What needs to be done: Where a line below holds the string "HERSHEY", that line goes into the answer.

=== Records for the task ===

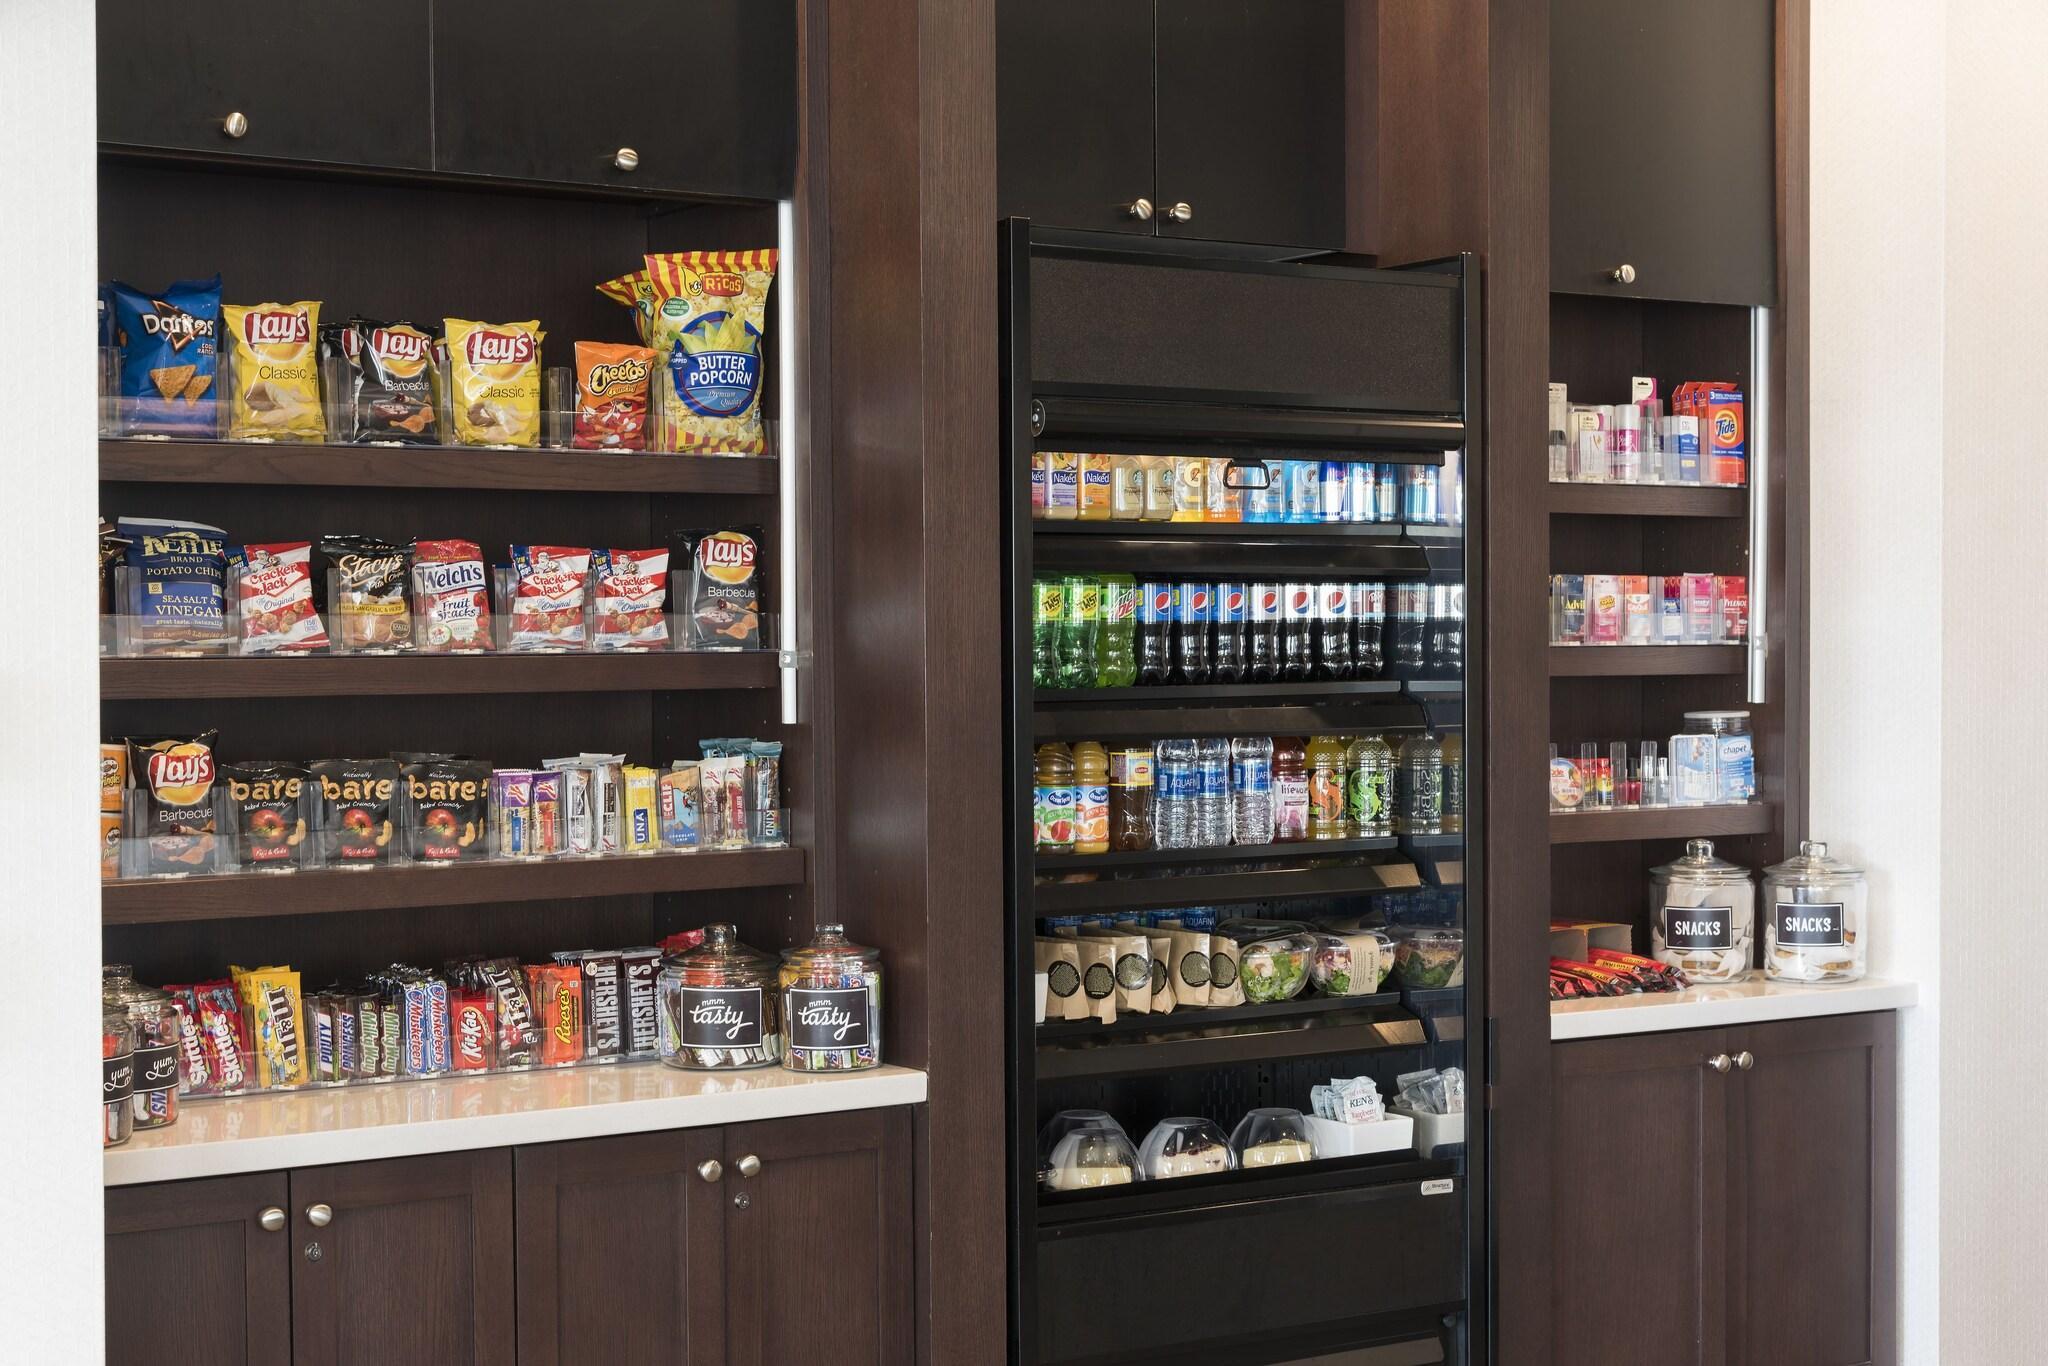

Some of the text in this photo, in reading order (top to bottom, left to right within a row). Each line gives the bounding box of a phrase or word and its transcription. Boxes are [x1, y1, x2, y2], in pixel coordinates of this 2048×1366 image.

[142, 313, 215, 337] Doritos
[251, 311, 309, 344] Lay's
[376, 329, 432, 361] Lay's
[471, 331, 531, 364] Lay's
[258, 366, 308, 380] Classic
[698, 355, 746, 371] BUTTER
[385, 379, 430, 392] Barbecue
[589, 360, 648, 393] Cheetos
[690, 370, 753, 386] POPCORN
[479, 386, 525, 399] Classic
[1715, 420, 1736, 437] Tide
[143, 531, 225, 557] KETTLE
[707, 539, 755, 567] Lay's
[170, 555, 203, 563] BRAND
[339, 554, 404, 583] Stacy's
[146, 566, 192, 576] POTATO
[250, 562, 298, 585] Cracker
[425, 564, 483, 588] Welch's
[532, 571, 576, 586] Cracker
[259, 576, 288, 596] Jack
[540, 584, 566, 597] Jack
[621, 585, 645, 598] Jack
[707, 586, 756, 599] Barbecue
[162, 595, 218, 605] SEA SALT &
[263, 594, 296, 610] Original
[443, 598, 470, 611] Fruit
[541, 598, 572, 611] Original
[621, 600, 650, 613] Original
[155, 605, 223, 619] VINEGAR
[156, 752, 210, 788] Lay's
[229, 776, 303, 801] bare
[321, 774, 393, 801] bare
[408, 774, 476, 801] bare
[662, 783, 673, 812] CLIF
[159, 807, 214, 823] Barbecue
[765, 810, 775, 837] KIND
[1675, 920, 1721, 937] SNACKS
[1785, 917, 1832, 933] SNACKS
[595, 964, 620, 1050] HERSHEY'S
[629, 963, 653, 1050] HERSHEY'S
[701, 998, 726, 1007] mmm
[808, 999, 832, 1008] mmm
[554, 987, 571, 1045] Reese's
[689, 1005, 754, 1040] tasty
[798, 1006, 861, 1041] tasty
[341, 1013, 355, 1072] PRINCESS
[409, 1002, 424, 1070] Musketeers
[430, 997, 446, 1066] Musketeers
[182, 1013, 209, 1086] Skittles
[214, 1012, 244, 1085] Skittles
[319, 1021, 333, 1066] POUTY
[1350, 1095, 1374, 1108] KEN'S

===

Solution for this problem:
[595, 964, 620, 1050] HERSHEY'S
[629, 963, 653, 1050] HERSHEY'S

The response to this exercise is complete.